Factors inducing the specific skin eruption
The influences of the long-term use of topical steroids on the development of such a specific skin eruption have also been noted. The absence of eruptions in accordance with major wrinkle lines in joint flexion areas and the abdomen may be a result of the high absorbability of topical steroids. On the other hand, they have been reported to develop even in individuals without a history of steroid use. Ofuji ruled out a causal relationship between the development of papuloerythroderma and topical steroid, considering that the absence of eruptions showing a clear boundary cannot be completely explained only by the influences of the latter [4,6]. Furthermore, as the disorder is prevalent among elderly males, some researchers suspect an association of a decreased sweat gland function in dry skin, although this theory has not been established.
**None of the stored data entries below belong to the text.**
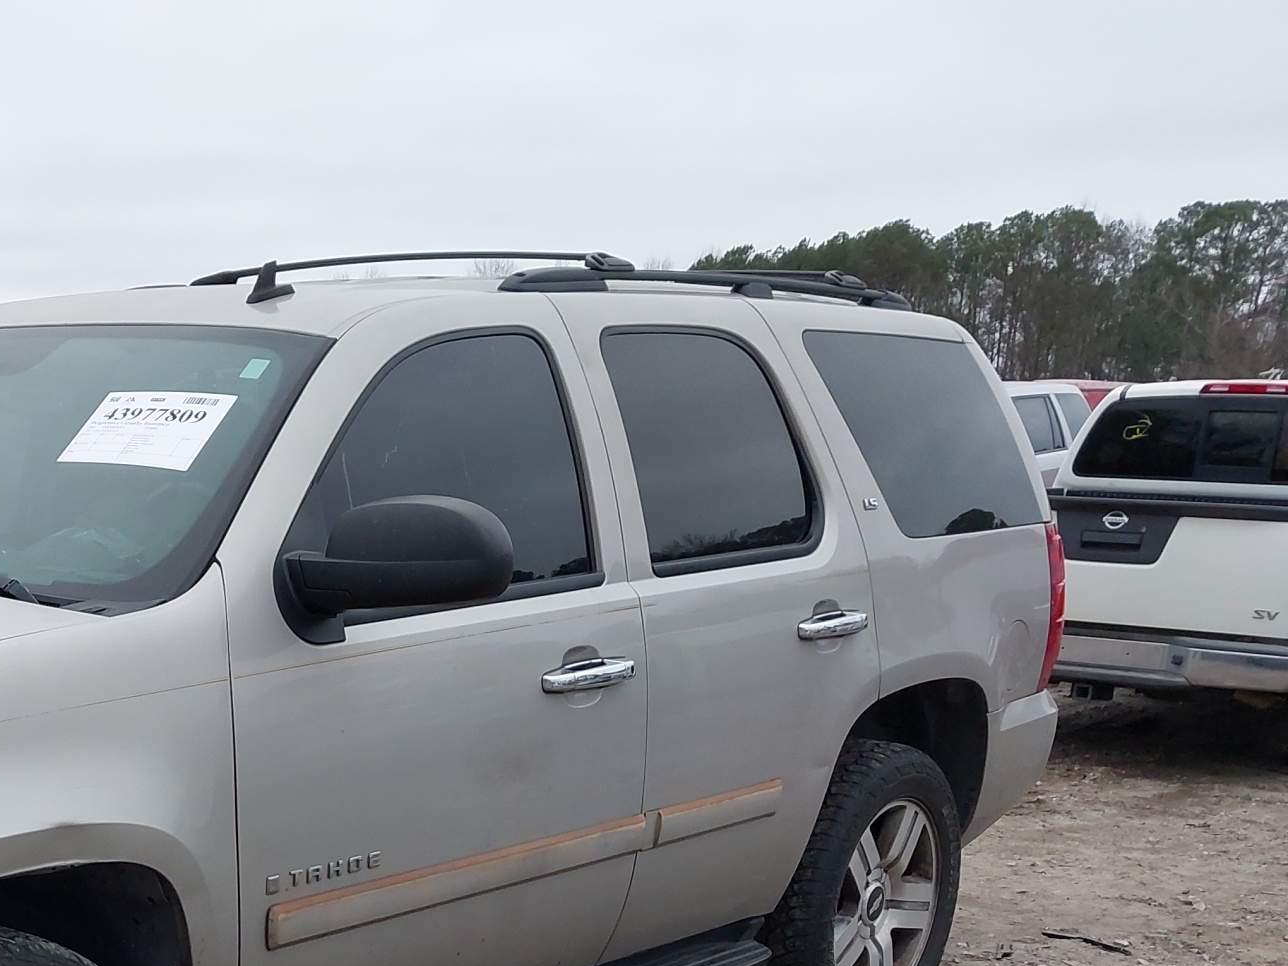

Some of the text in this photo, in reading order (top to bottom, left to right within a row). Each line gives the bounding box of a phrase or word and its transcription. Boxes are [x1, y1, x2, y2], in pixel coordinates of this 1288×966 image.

[103, 407, 208, 424] 43977809
[1252, 609, 1280, 621] SV
[289, 850, 381, 888] TAHOE
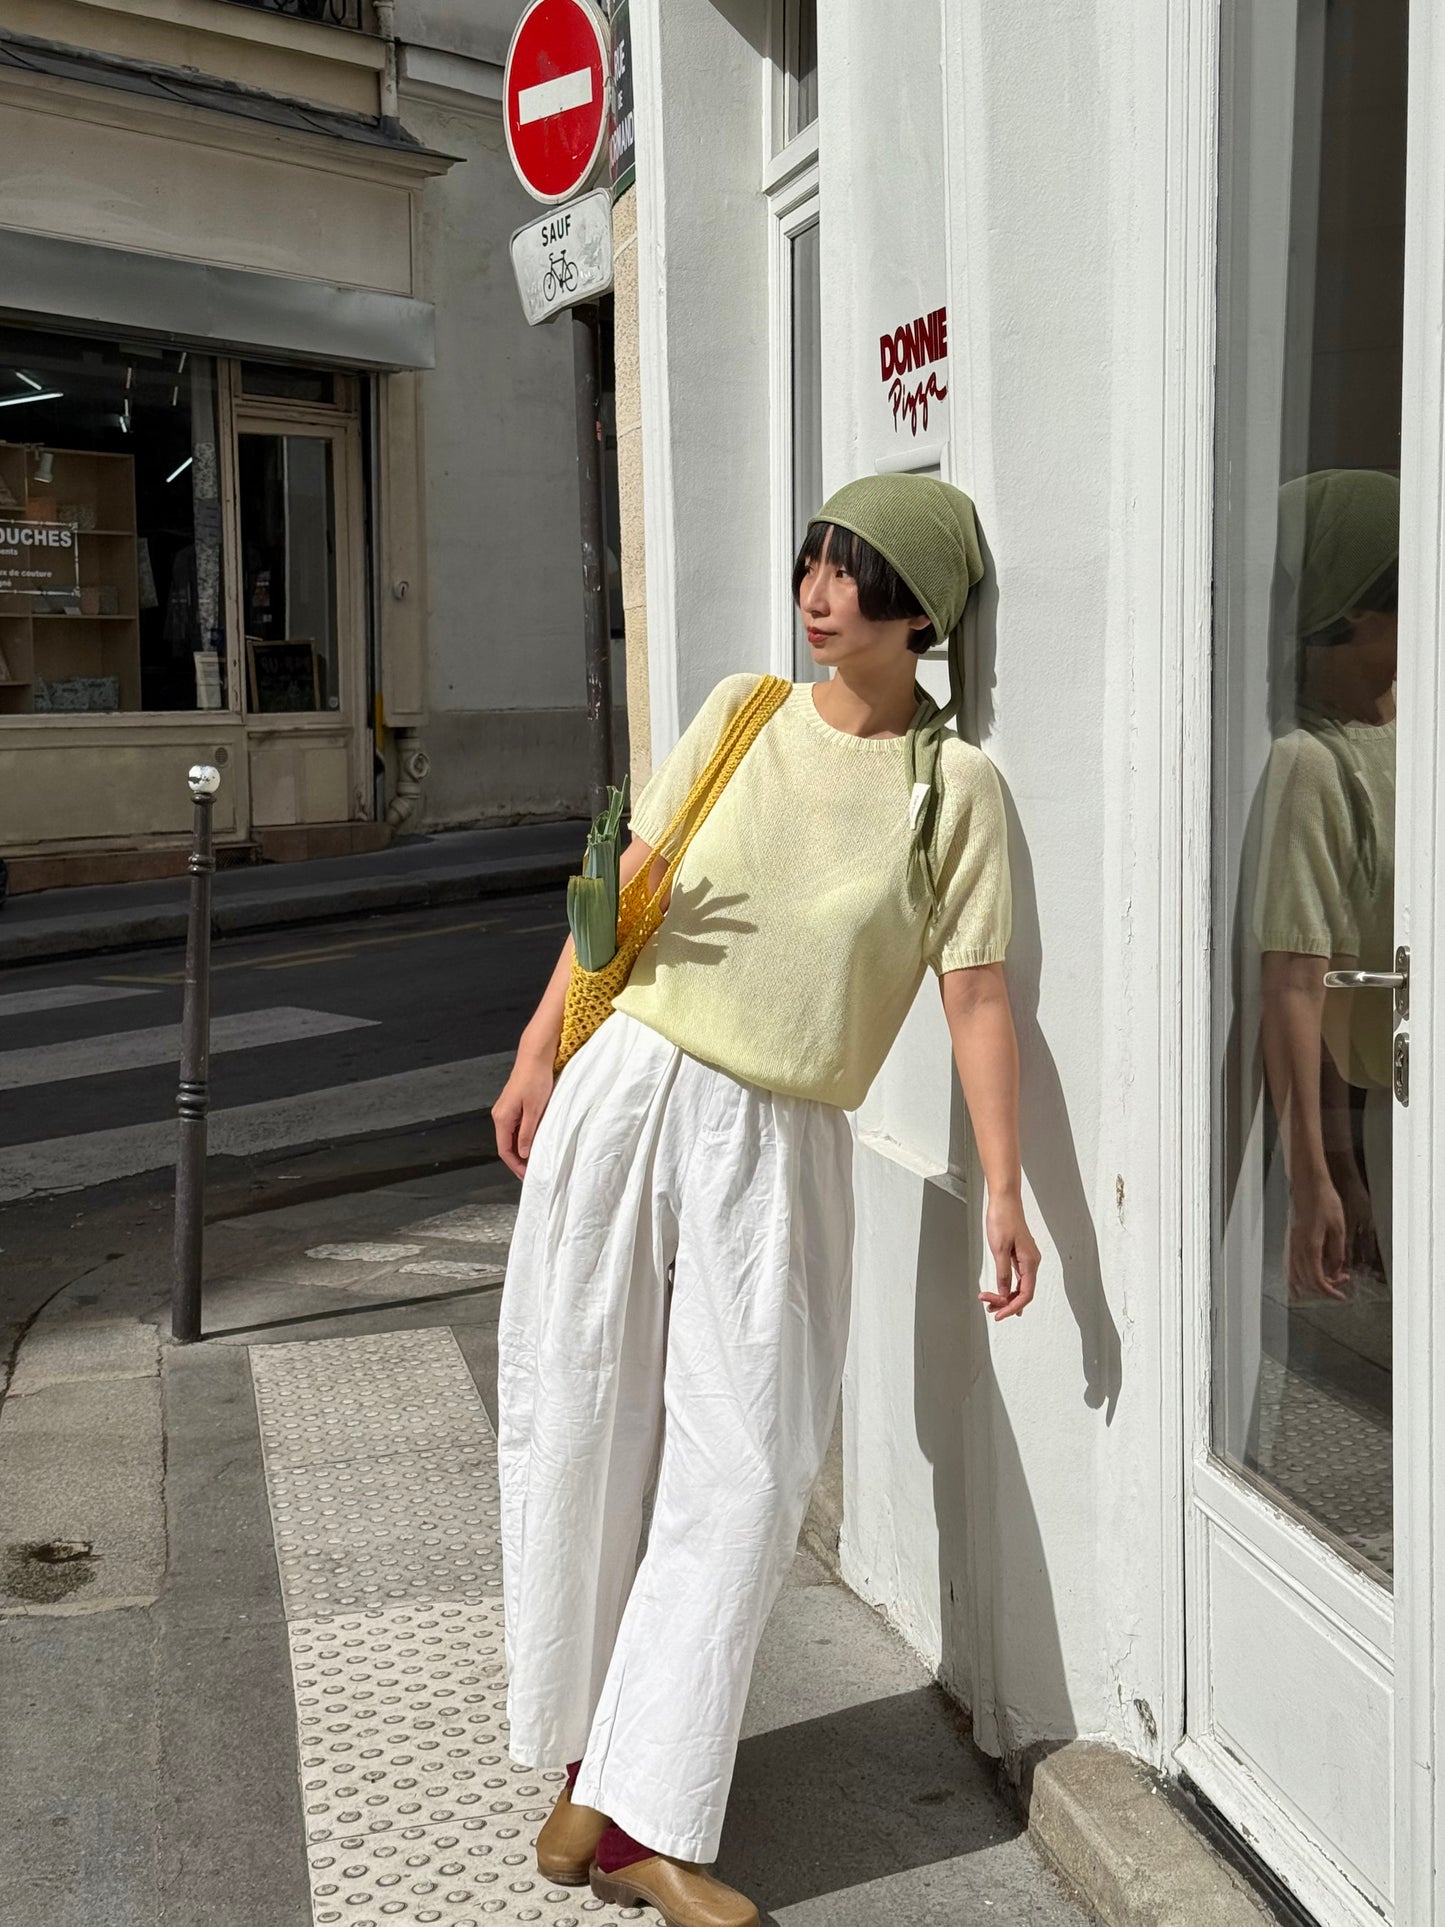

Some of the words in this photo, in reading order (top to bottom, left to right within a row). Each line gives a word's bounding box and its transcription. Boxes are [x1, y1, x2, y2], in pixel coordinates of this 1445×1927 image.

[541, 214, 571, 247] SAUF
[880, 306, 948, 382] DONNIE
[888, 371, 948, 437] Pizza
[21, 570, 53, 578] couture
The causes of papuloerythroderma have remained unclear. Recently, a papuloerythroderma-type drug eruption associated with Th2 cells as drug-reactive T cells is drawing attention [11]. There have also been reports discussing the up-regulation of activation markers on basophils [12], as well as the relationship between the thymus and activationregulated chemokine levels [13,14].
In short, types of papuloerythroderma may be classified into 2 categories: those associated with inflammatory cutaneous disorders, hematopoietic neoplasms, malignant tumours of organs, or drug eruptions, similarly to erythroderma; and those developing spontaneously and independently of other disorders. In the latter, it is necessary to elucidate the mechanism of specific eruption development as a future challenge.
This paper summarizes an educational lecture given at the 115th Annual Meeting of the Japanese Dermatological Association (in Kyoto in 2016). Only Japanese abstract was published at a quarter part of page 755 of The Japanese Journal of Dermatology Vol. 126, No.5, 2016. No other publications are there except this program.
The author has no conflicts of interests.
This paper will be dedicated to the late Shigeo Ofuji (1917-2012).